That is completely true but it is also only half the story. It only mentions the memory and not the very important CPU/GPU.The CPU/GPU has the most influence on the framerate, not the memory. The memory can make things run smoother, the CPU/GPU makes them run faster.
Before meshes are rendered they are cut up in pieces. Dependent on how the render code was written there are several techniques but in most cases and in the case of both UT2003 as 2004 it renders per material.
That means that if you have a cube with only one texture applied it will process and render the entire cube at once.
However, if the same cube has two different textures applied the engine needs to cut it up and first render all the triangles with texture A. and then all the ones with texture B. That extra step is considerable slower than if there would only be one texture the CPU/GPU has to work with. It cannot render two types of triangles at the same time. Everything that is rendered must first be nicely sorted. That sorting and dividing in to groups/sectors require power and time.
However, that is still only half the story. In the case of UT2003/4 every mesh must also be rendered separately. That means that if you have two identical cubes which both have texture A. applied the engine will render the first cube, wait until it’s completely processed and then render the second cube. That are two steps for the CPU/GPU.
Sectors
Sounds slow already? We’re not finished yet…If you have two identical cubes and each cube has two different textures applied the engine has to render four things! Two textures/sectors per cube and two cubes in total. It has to call on the engine, make a cue and wait for the previous item to finish four times and that is slow.
Every material and every mesh is a sector and every sector has to be drawn on its own!

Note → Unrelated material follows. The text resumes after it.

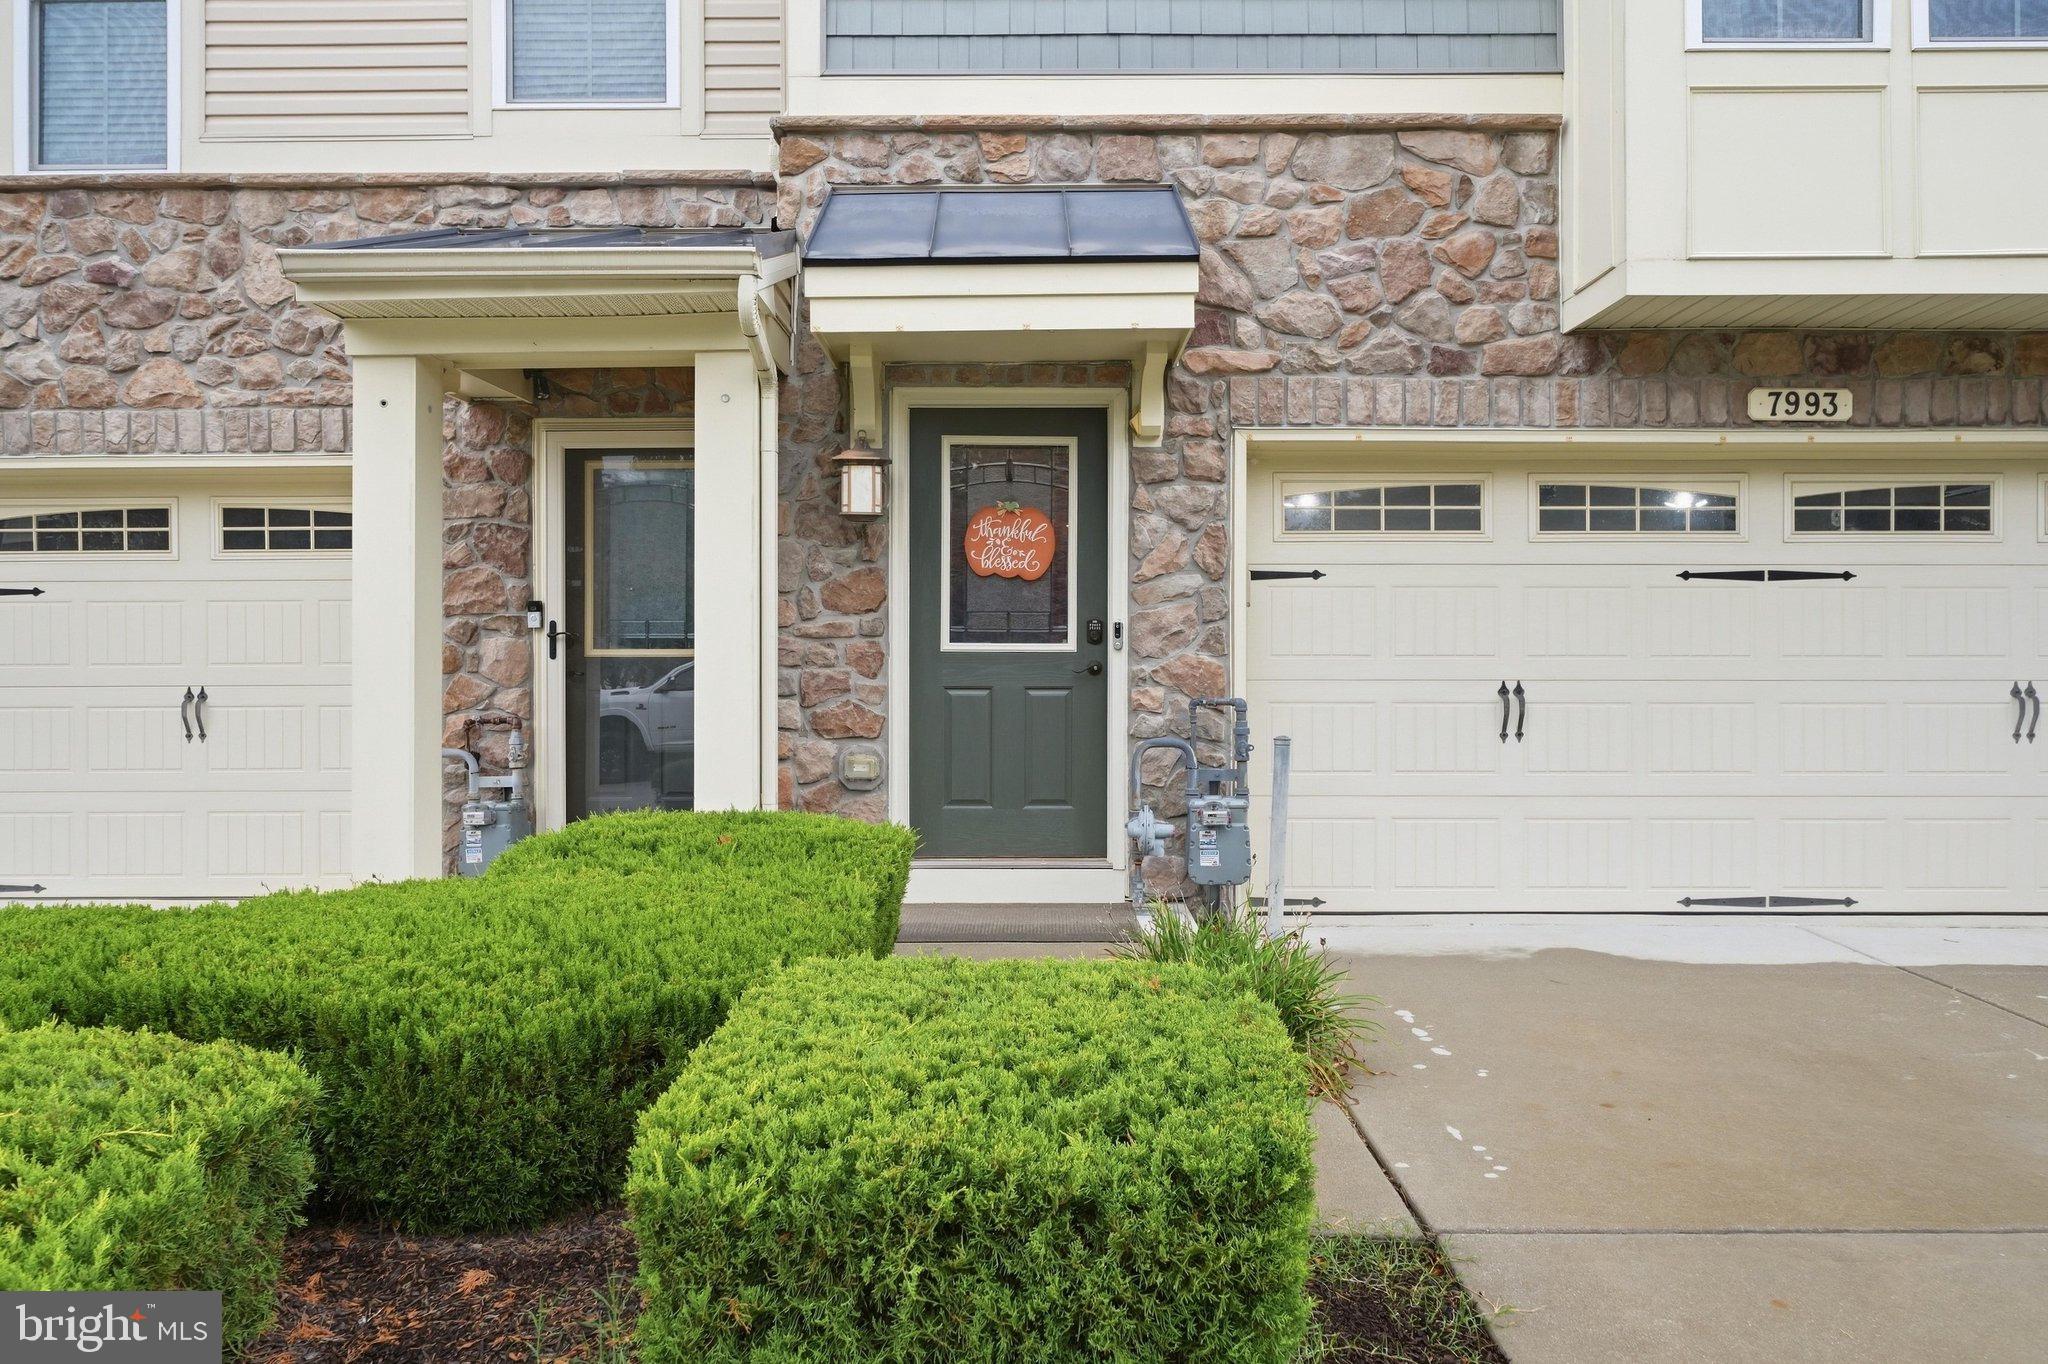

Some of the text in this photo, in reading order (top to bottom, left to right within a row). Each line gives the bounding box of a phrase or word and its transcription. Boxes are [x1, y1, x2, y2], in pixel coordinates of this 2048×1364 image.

Practically that means that if you make a path using dozens of separate stone tile meshes it will render a lot slower than if the tiles would be a single combined mesh! Even if the polycount would be the same. In fact the polycount is overhyped!

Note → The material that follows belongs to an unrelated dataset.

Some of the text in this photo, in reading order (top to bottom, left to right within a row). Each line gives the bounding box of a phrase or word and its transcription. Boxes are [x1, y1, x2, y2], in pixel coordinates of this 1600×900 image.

I can easily make a 10.000 poly room run slower than a 250.000 poly room by just using more materials and smaller meshes. A larger amount of polygons can more easily be drawn if the engine can mass process large groups at the me time. You will be able to crank out more detail if you offer the right conditions to your engine.
So what to do and what not?
Combine several small meshes into a single unique mesh if possible.
In the bad picture the engine has to render a dozen bottles which is slow. In the good picture all the bottles are combined in a single mesh and thus the engine only has to work with a single object which is fast.
This is one of the reasons why you often see (or should see) meshes that are groups of objects. A stack of crates as a single mesh, a bunch of bottles, a group of rocks, and so on. You are a lot better to use sets of meshes than to use individual meshes for every single thing you place.
Another technique is to simply use less textures on a mesh. I often see a lot of level designers make meshes like this:
The mesh uses six textures while you can’t really notice so. If you would place this mesh six times in a room it are 36 things to render for Unreal Engine 2! Use as few textures as possible unless you really have too. If possible try to texture meshes so it only uses a single texture.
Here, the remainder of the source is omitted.